A more general limitation of network studies is that the network structure is dependent on the number and type of nodes (and thus the questionnaires measuring these) that are included in the network. Simultaneously, the number of nodes that can be included is restricted by the fact that parameters increase rapidly with every additional node, which reduces statistical power. By modeling symptom domains rather than single symptoms, we tried to optimize the balance between the number of nodes in the network and the range of constructs covered. Additionally, using broader constructs such as symptom domains has been recommended as one approach to improve measurement of symptoms in psychopathology networks41. Finally, it allowed making the prevalences of the domains comparable across groups. Practical reasons such as some problem domains being too rare (e.g., panic, suicidal ideation) or not adequately assessed within the ASR (e.g., positive psychotic symptoms, obsessive-compulsive symptoms, mania) meant that not all domains could function as nodes in the network. Although some domains were thus not included, the chosen domains and current transdiagnostic approach were highly comprehensive as compared to previous network analyses considering a narrow range of comorbid disorders34. Nonetheless, future studies need to corroborate our findings by including an even wider range of symptoms and disorders.

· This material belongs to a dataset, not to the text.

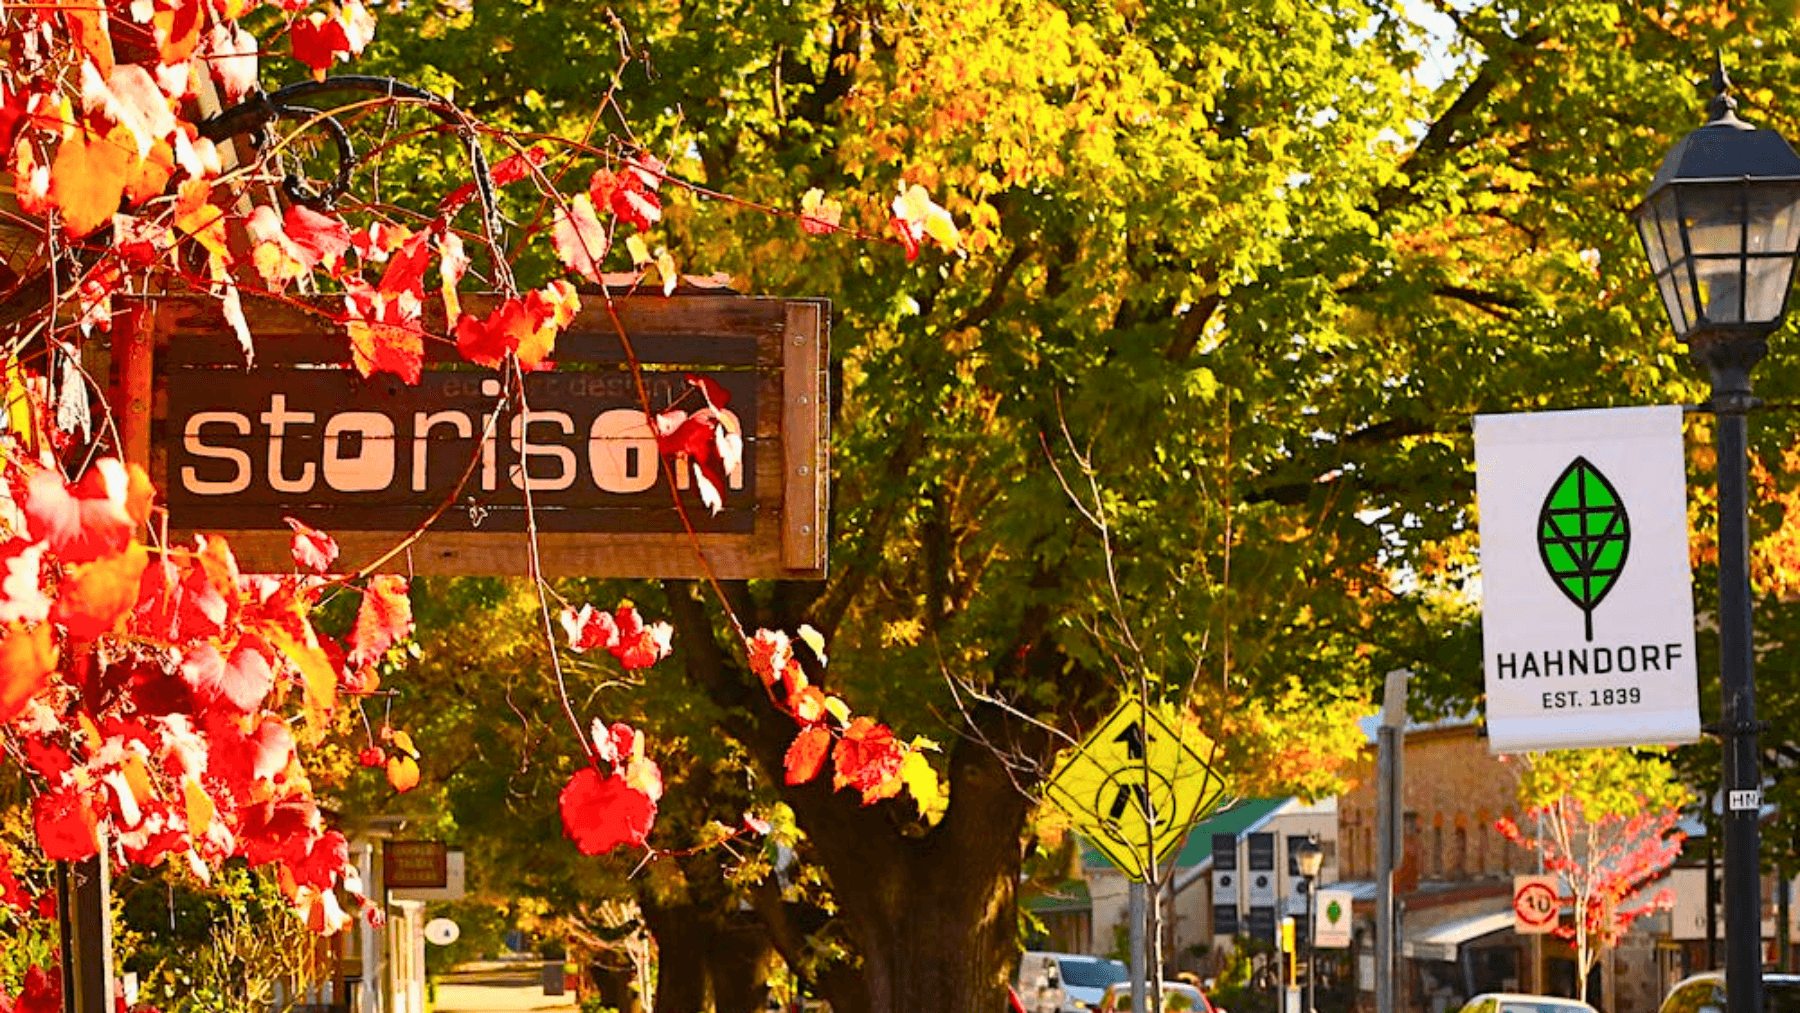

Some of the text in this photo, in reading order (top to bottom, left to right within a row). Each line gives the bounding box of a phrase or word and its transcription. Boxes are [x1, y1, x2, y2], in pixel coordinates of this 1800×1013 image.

[1497, 643, 1682, 680] HAHNDORF
[1541, 687, 1642, 710] EST. 1839
[1732, 793, 1756, 807] HN
[1526, 894, 1551, 914] 10

To conclude, the current study compared four frequently observed psychopathology severity groups in terms of the interrelations between symptom domains to investigate whether mild psychopathology manifests as less specific than more severe psychopathology. In four groups with increasing illness severity, we observed a rather consistent structure of symptom domain clustering which was invariant in global strength and in which we observed a distinct prototypical ADHD symptom domain cluster and a mood/anxiety domain cluster. Our findings suggest that subthreshold psychopathology does not manifest as less specific than more severe psychopathology.